E’ un Paese ben coltivato

Non semplicemente un romanzo o un saggio socio-antropologico, né solamente un’inchiesta giornalistica, ma una guida o, meglio, un manuale di autoapprendimento di come siamo fatti noi italiani. Mentre in libreria c’è la nuova opera di Giorgio Boatti, Portami oltre il buio. Viaggio nell’Italia che non ha paura, noi abbiamo voluto ritornare sul precedente lavoro, che abbiamo letto per voi, invitando a fare altrettanto. Arrivando a chiederci se sia possibile pensare a una moderna ruralità, reinventata sulle ceneri della società industriale fordista?

Alfonso Pascale

E’ un Paese ben coltivato

Avventuratevi senza remore nella piacevole lettura del libro di Giorgio Boatti Un paese ben coltivato. Viaggio nell’Italia che torna alla terra e, forse, a se stessa (Editori Laterza, 2014). Ma poi non abbiate fretta di giungere alla fine. Godetevi il percorso lentamente, indugiate sulle pagine che maggiormente vi suggestionano, tornate indietro, seguite i rimandi ad altri testi, approfondite argomenti solo accennati, segnate altre piste suggerite da ricordi che riaffiorano alla mente, guardatevi dentro e ascoltate le voci che risuonano nel vostro animo.
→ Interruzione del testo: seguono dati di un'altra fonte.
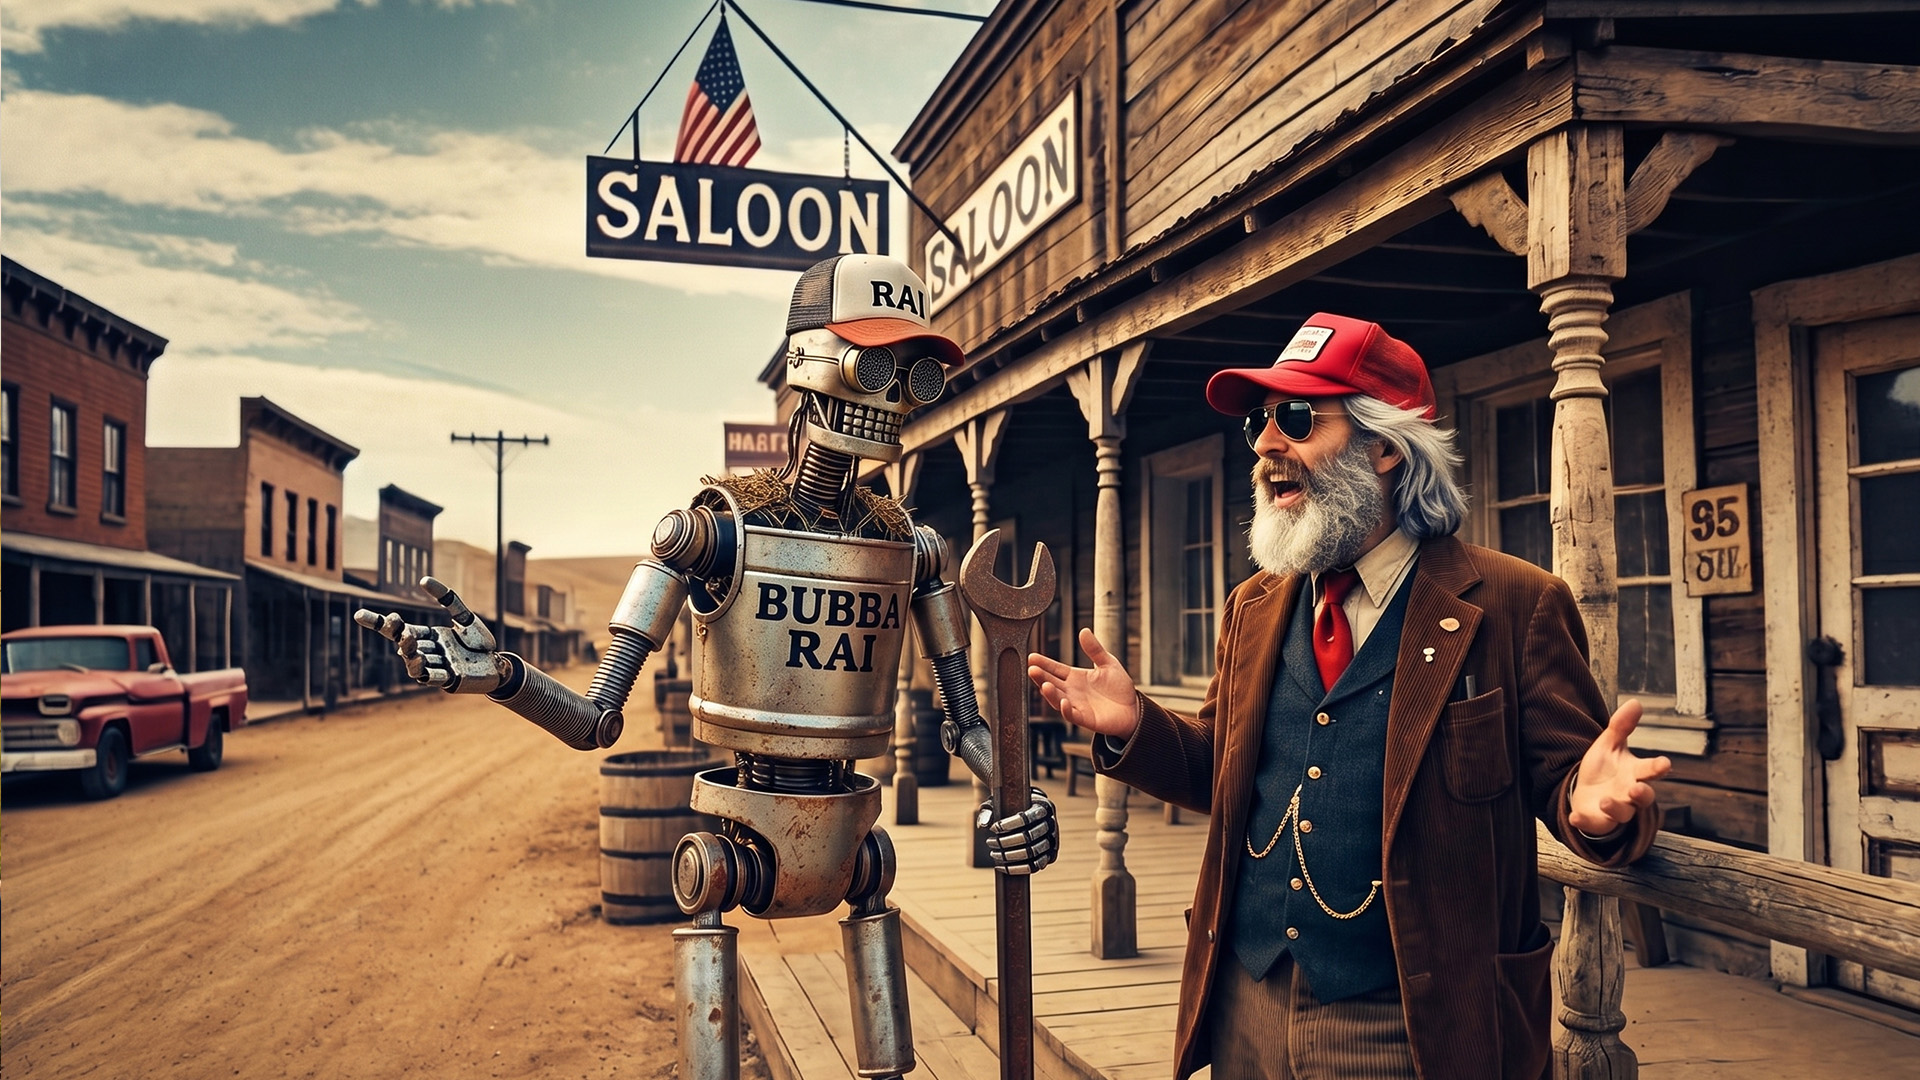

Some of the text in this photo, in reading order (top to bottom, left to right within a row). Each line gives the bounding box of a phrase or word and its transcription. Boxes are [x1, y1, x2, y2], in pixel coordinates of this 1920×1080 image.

Quando vi spostate, portate il libro con voi e leggetelo dove capita: in treno, in autobus, su una panchina o in un angolo di bar. È un modo per condividerne il dinamismo, il gusto dell’imprevisto e l’attesa della novità. Un paese ben coltivato non è semplicemente un romanzo o un saggio socio-antropologico. Né solamente un’inchiesta giornalistica. Ma una guida o, meglio, un manuale di autoapprendimento di come siamo fatti noi italiani, in quanto individui o gruppi che coabitano i territori della penisola. Il genere letterario che più si avvicina a questo libro sembra, tuttavia, essere il romanzo di formazione per la particolare scrittura adottata, l’accuratezza delle storie di vita raccontate, la penetrazione interiore dei personaggi e la profondità riflessiva dell’io narrante. Ne vien fuori un affresco suggestivo dell’Italia contemporanea che spesso incrociamo ma non sappiamo riconoscere perché siamo distratti, sordi, smemorati, deprivati del senso del luogo, ossessionati dal nostro tornaconto immediato e, soprattutto, abbiamo perduto la capacità di connettere i vari aspetti di un mondo diventato più complesso.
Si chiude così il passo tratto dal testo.